● WHAT YOU WILL DO: Exact repetition of the data below is required.

Stored data entries:

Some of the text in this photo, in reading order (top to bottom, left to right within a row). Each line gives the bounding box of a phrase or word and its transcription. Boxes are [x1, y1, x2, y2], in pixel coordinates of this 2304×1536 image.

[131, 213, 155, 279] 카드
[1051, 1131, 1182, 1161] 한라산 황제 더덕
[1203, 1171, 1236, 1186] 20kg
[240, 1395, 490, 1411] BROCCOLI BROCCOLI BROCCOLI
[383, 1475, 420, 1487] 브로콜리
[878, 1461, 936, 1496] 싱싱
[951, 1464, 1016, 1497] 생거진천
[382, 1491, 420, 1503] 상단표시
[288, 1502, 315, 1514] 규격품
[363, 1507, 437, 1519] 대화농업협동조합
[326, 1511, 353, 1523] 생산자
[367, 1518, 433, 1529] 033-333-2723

● YOUR RESPONSE:
Some of the text in this photo, in reading order (top to bottom, left to right within a row). Each line gives the bounding box of a phrase or word and its transcription. Boxes are [x1, y1, x2, y2], in pixel coordinates of this 2304×1536 image.

[131, 213, 155, 279] 카드
[1051, 1131, 1182, 1161] 한라산 황제 더덕
[1203, 1171, 1236, 1186] 20kg
[240, 1395, 490, 1411] BROCCOLI BROCCOLI BROCCOLI
[383, 1475, 420, 1487] 브로콜리
[878, 1461, 936, 1496] 싱싱
[951, 1464, 1016, 1497] 생거진천
[382, 1491, 420, 1503] 상단표시
[288, 1502, 315, 1514] 규격품
[363, 1507, 437, 1519] 대화농업협동조합
[326, 1511, 353, 1523] 생산자
[367, 1518, 433, 1529] 033-333-2723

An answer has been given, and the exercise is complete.